TASK DETAILS: Extract every entry word for word. Skip the pictures.

Collected data
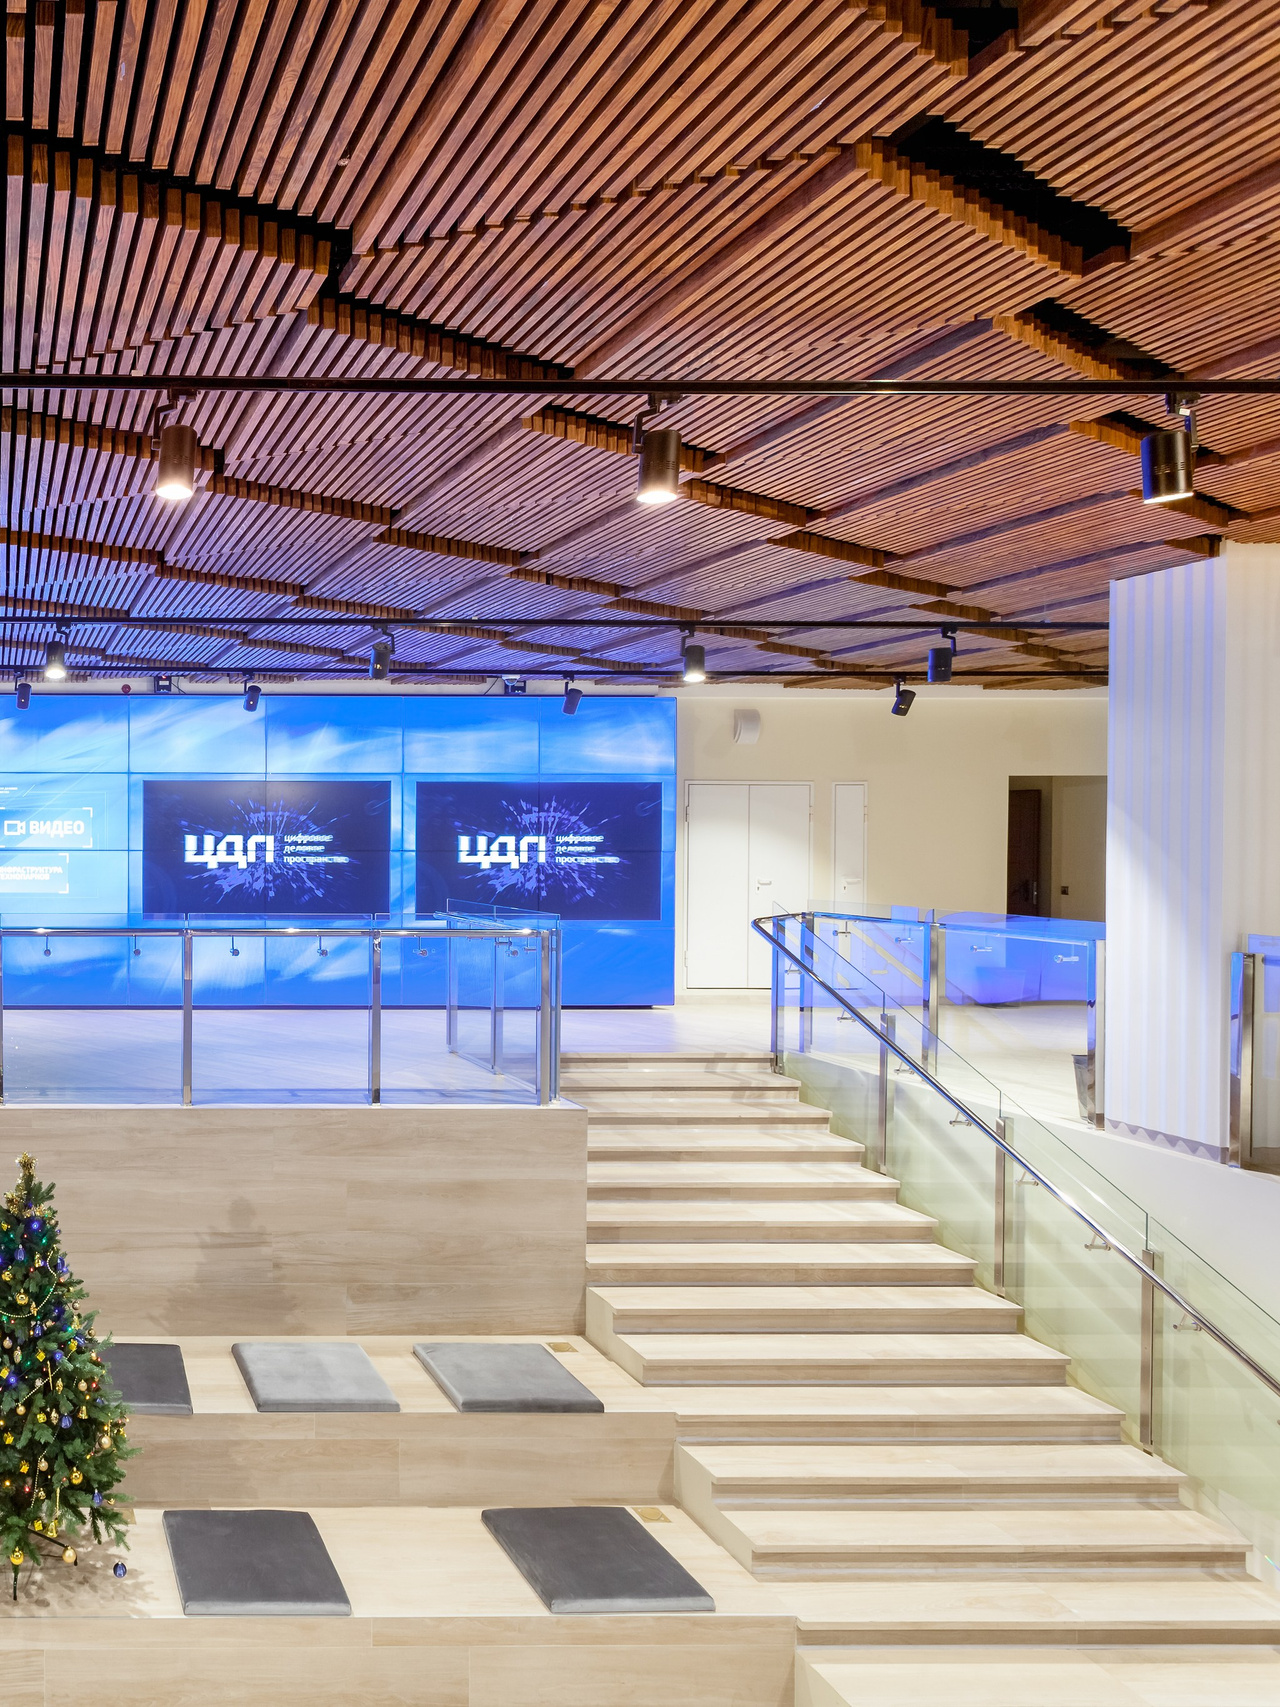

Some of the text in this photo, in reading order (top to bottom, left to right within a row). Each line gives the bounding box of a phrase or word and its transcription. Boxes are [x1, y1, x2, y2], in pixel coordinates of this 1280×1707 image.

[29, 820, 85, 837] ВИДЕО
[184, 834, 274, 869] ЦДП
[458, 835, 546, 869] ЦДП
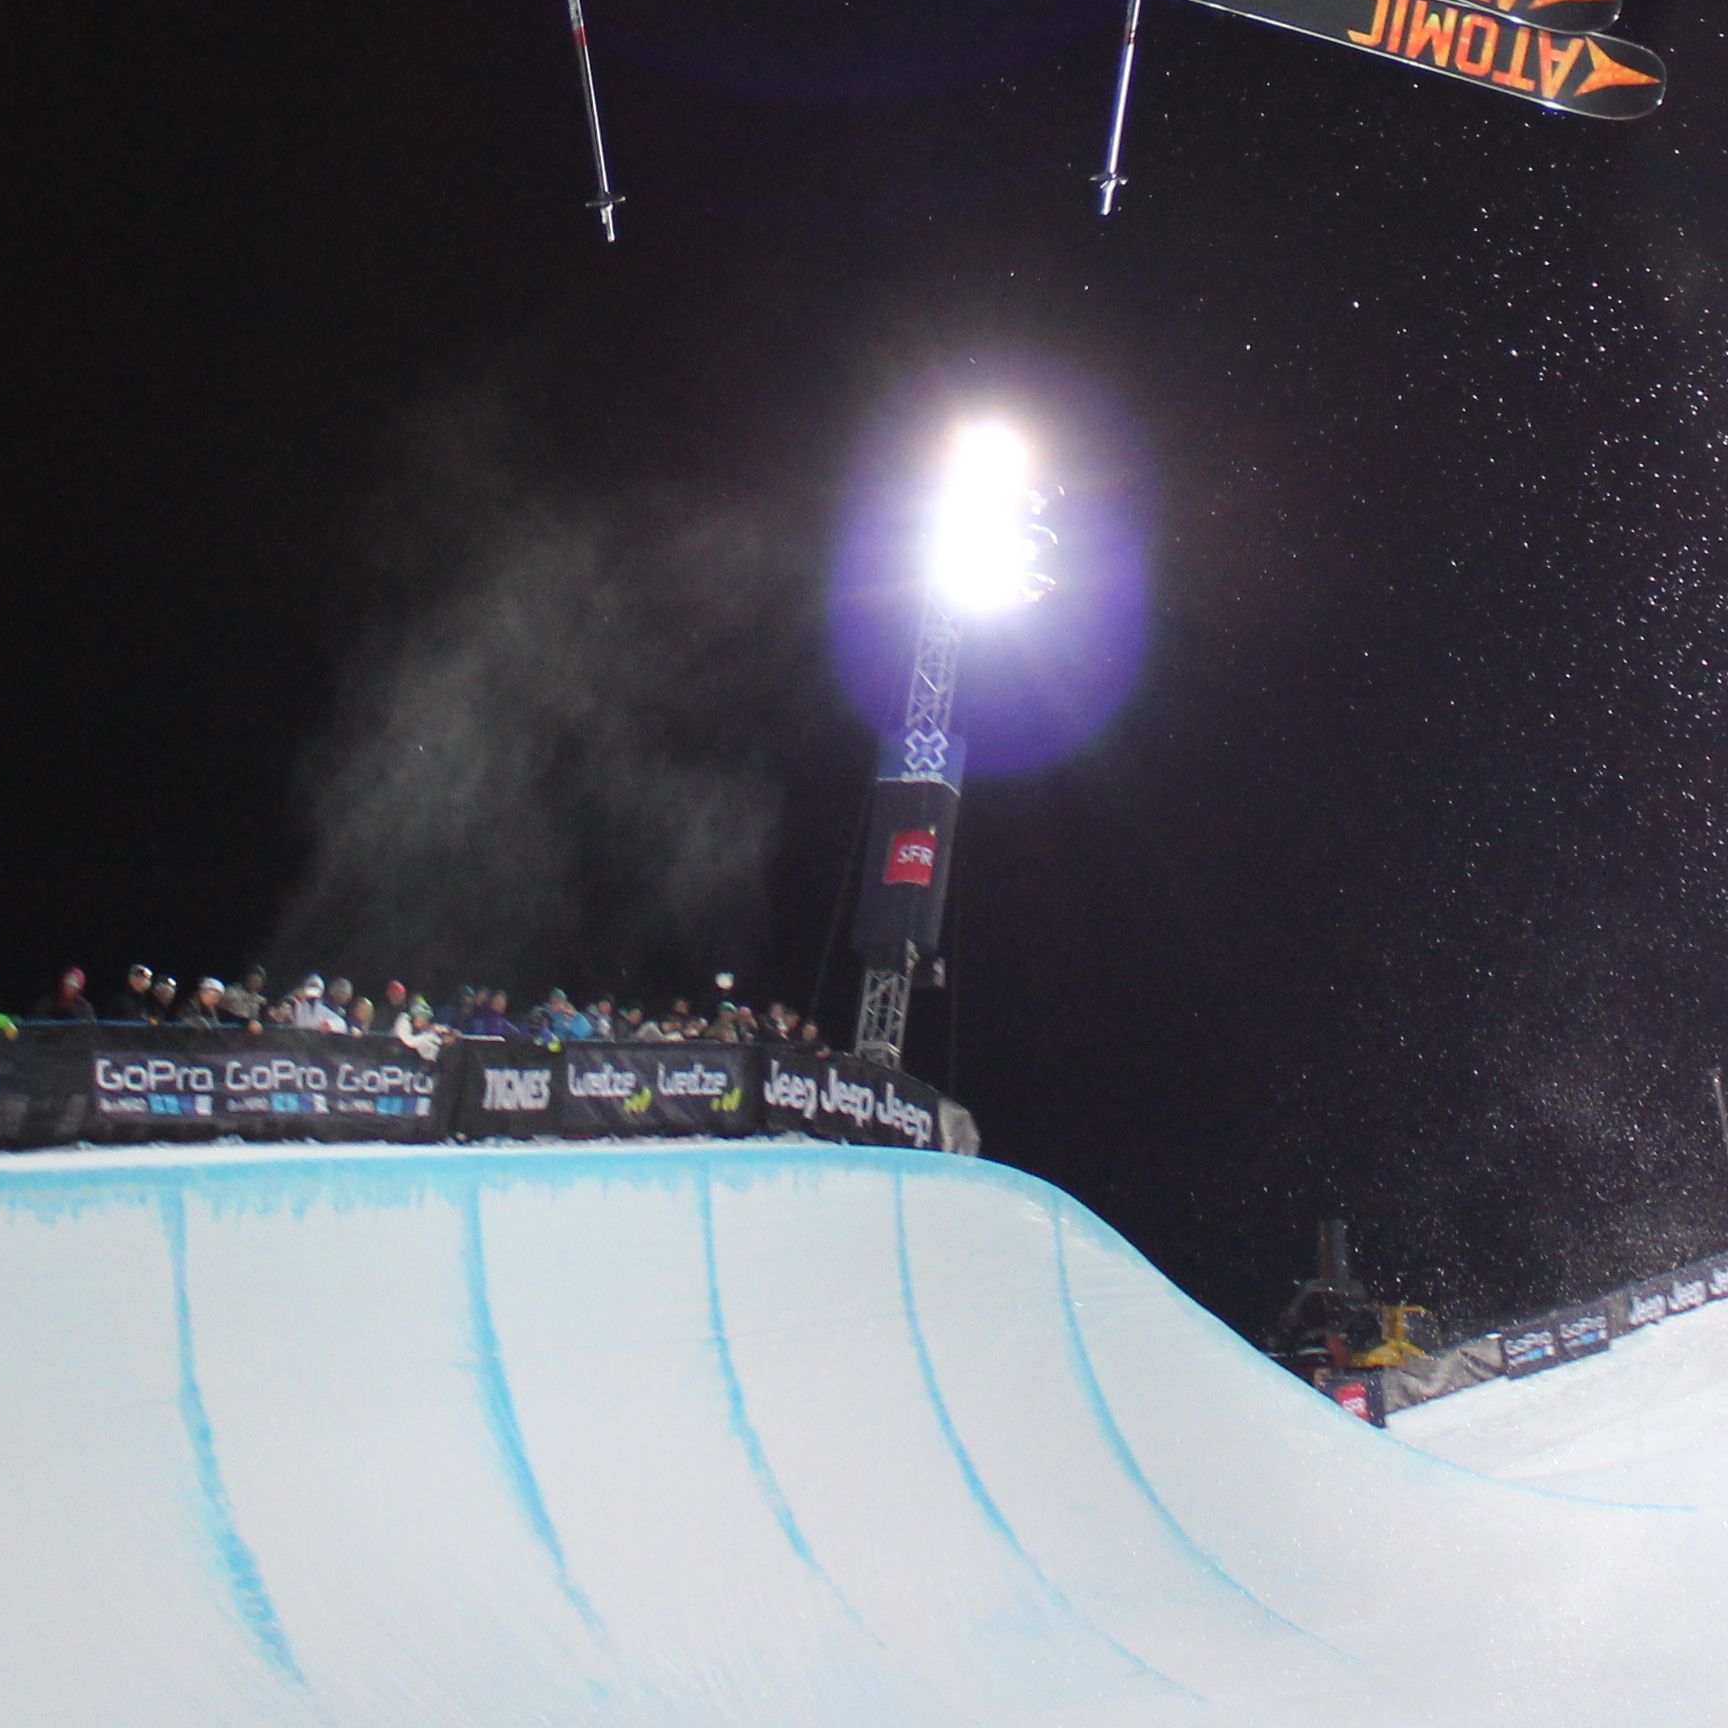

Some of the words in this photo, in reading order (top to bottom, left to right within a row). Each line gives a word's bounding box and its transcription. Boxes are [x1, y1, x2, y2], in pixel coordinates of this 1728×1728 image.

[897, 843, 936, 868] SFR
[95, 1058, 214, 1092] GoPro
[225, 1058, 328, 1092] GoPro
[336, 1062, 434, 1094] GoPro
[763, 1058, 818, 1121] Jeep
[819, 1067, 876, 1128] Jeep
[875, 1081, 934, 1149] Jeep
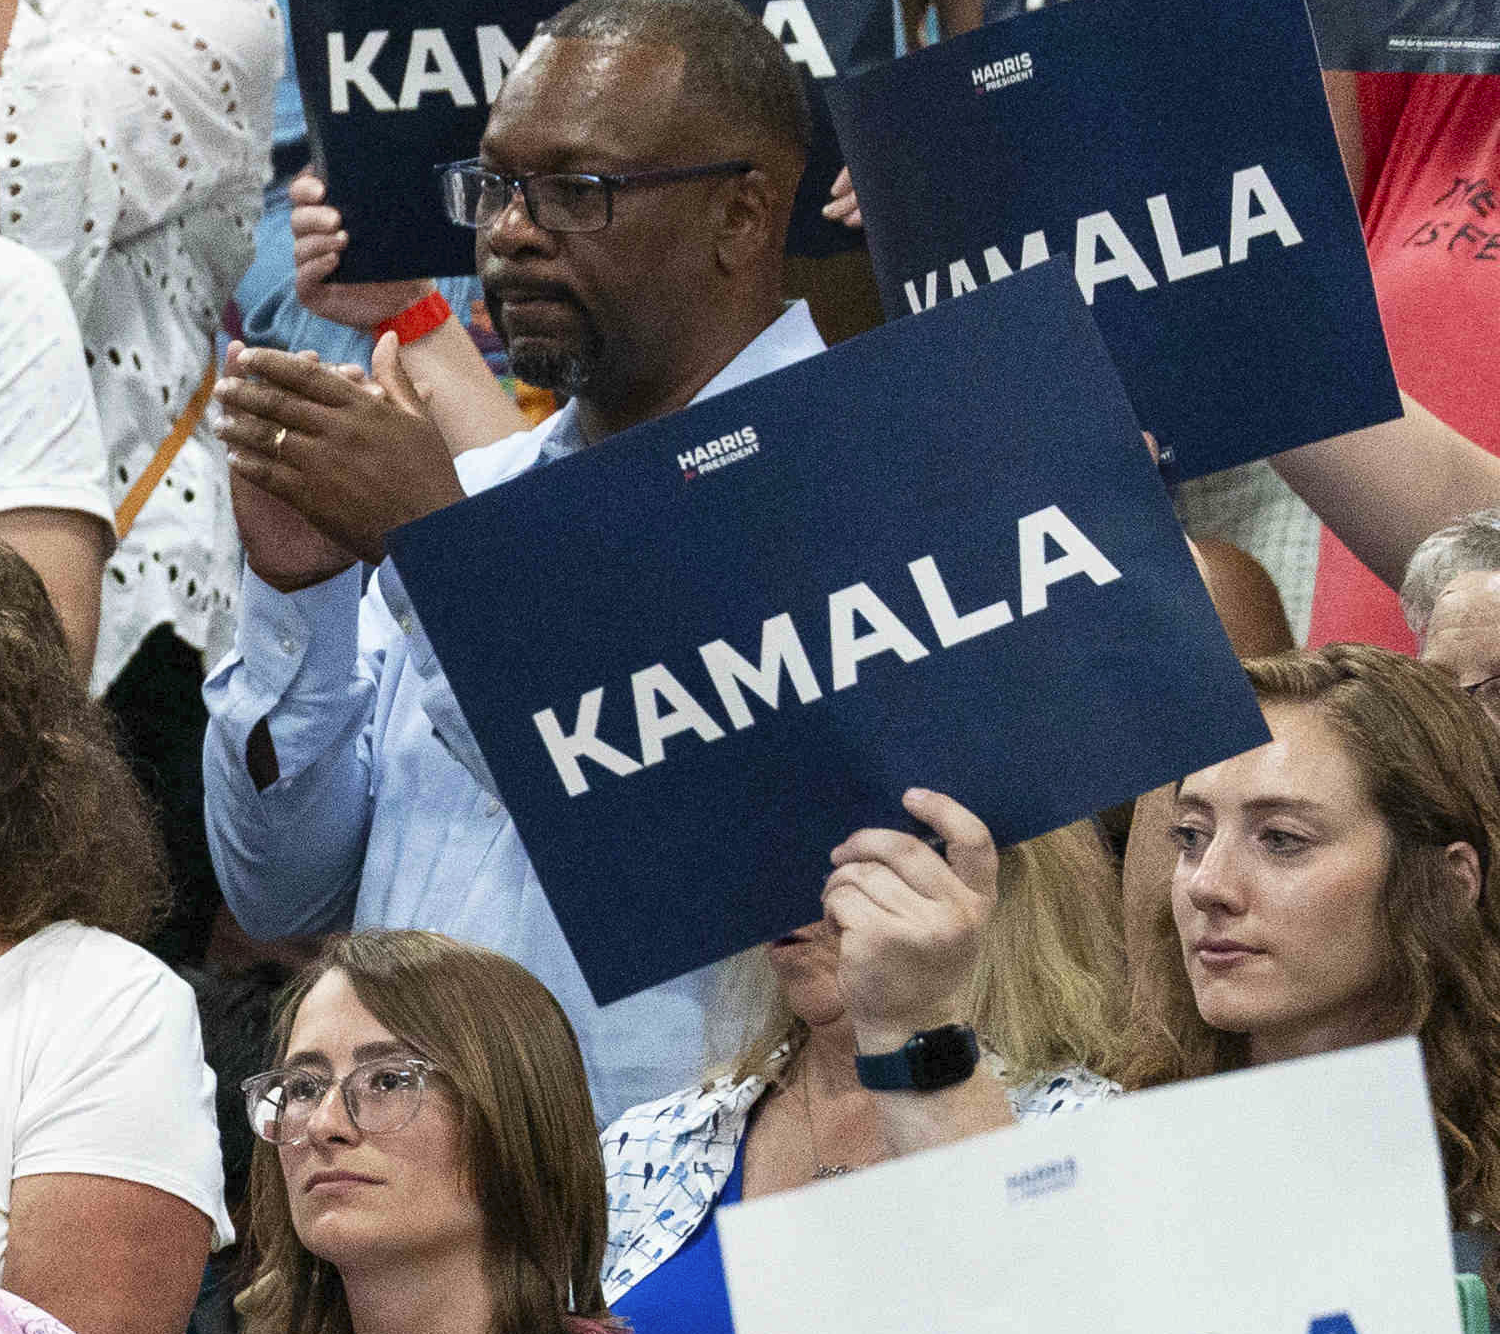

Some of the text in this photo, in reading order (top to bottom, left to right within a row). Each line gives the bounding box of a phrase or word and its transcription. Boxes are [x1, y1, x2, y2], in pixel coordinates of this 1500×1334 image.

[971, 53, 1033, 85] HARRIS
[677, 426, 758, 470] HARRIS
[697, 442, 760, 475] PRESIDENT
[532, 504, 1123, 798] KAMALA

TASK ANSWER:
Some of the text in this photo, in reading order (top to bottom, left to right within a row). Each line gives the bounding box of a phrase or word and its transcription. Boxes are [x1, y1, x2, y2], in pixel coordinates of this 1280×1707 image.

[29, 820, 85, 837] ВИДЕО
[184, 834, 274, 869] ЦДП
[458, 835, 546, 869] ЦДП

Some of the words in this photo, in reading order (top to bottom, left to right within a row). Each line gives a word's bounding box and its transcription. Boxes are [x1, y1, x2, y2], in pixel coordinates of this 1728×1728 image.

[897, 843, 936, 868] SFR
[95, 1058, 214, 1092] GoPro
[225, 1058, 328, 1092] GoPro
[336, 1062, 434, 1094] GoPro
[763, 1058, 818, 1121] Jeep
[819, 1067, 876, 1128] Jeep
[875, 1081, 934, 1149] Jeep

Some of the text in this photo, in reading order (top to bottom, left to right within a row). Each line gives the bounding box of a phrase or word and its transcription. Boxes are [x1, y1, x2, y2], in pixel coordinates of this 1500×1334 image.

[971, 53, 1033, 85] HARRIS
[677, 426, 758, 470] HARRIS
[697, 442, 760, 475] PRESIDENT
[532, 504, 1123, 798] KAMALA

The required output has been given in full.